EXCERPTED RECORDS
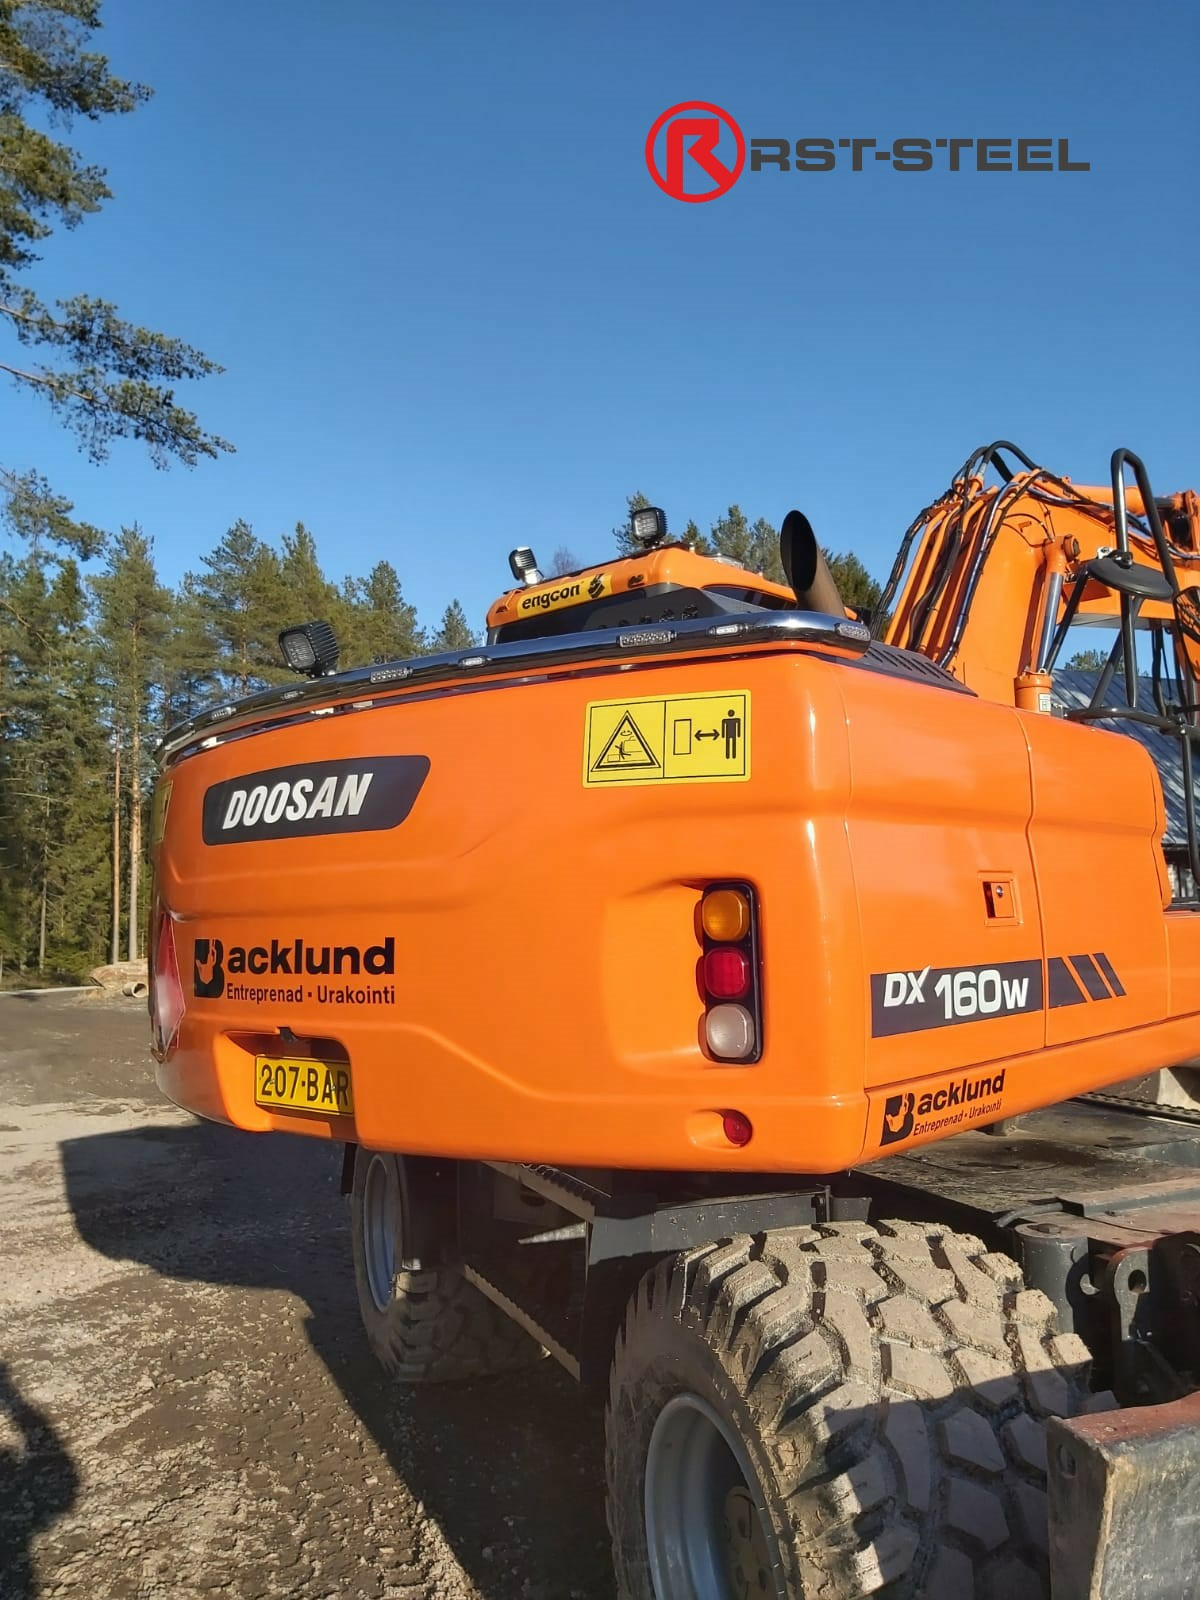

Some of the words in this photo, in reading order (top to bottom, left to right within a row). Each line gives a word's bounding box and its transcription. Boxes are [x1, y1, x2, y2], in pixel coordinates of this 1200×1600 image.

[521, 583, 580, 610] engcon
[222, 773, 374, 830] DOOSAN
[226, 982, 303, 1004] Entreprenad
[317, 985, 396, 1005] Urakointi
[883, 965, 932, 1008] DX
[913, 1109, 964, 1137] Entreprenad
[968, 1098, 1003, 1120] Urakointi
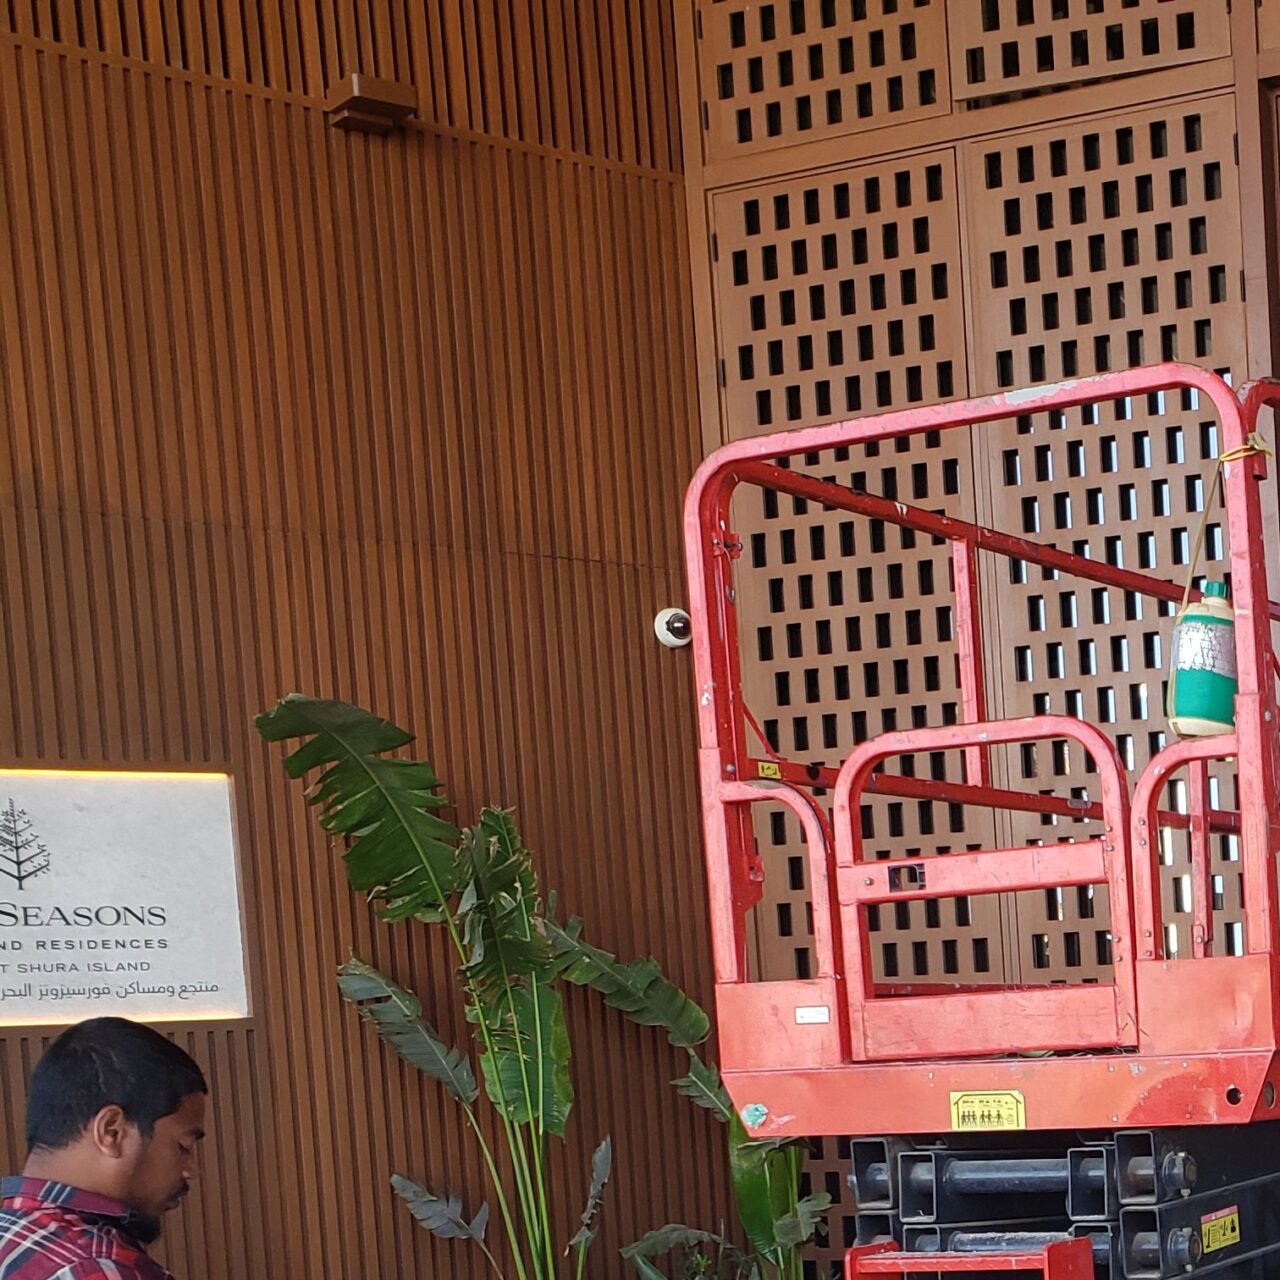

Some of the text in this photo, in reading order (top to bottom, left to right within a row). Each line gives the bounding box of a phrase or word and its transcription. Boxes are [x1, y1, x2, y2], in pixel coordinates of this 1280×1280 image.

[0, 901, 167, 927] SEASONS
[36, 938, 168, 950] RESIDENCES
[17, 962, 80, 974] SHURA
[87, 961, 151, 973] ISLAND
[115, 980, 175, 999] ومساكن
[178, 981, 219, 999] منتجع

WORK TASK
Begin with the line that contains "Some of the text" and set down each line exactly until the records above end, including the final line.

SOLVED EXERCISE
Some of the text in this photo, in reading order (top to bottom, left to right within a row). Each line gives the bounding box of a phrase or word and its transcription. Boxes are [x1, y1, x2, y2], in pixel coordinates of this 1280×1280 image.

[0, 901, 167, 927] SEASONS
[36, 938, 168, 950] RESIDENCES
[17, 962, 80, 974] SHURA
[87, 961, 151, 973] ISLAND
[115, 980, 175, 999] ومساكن
[178, 981, 219, 999] منتجع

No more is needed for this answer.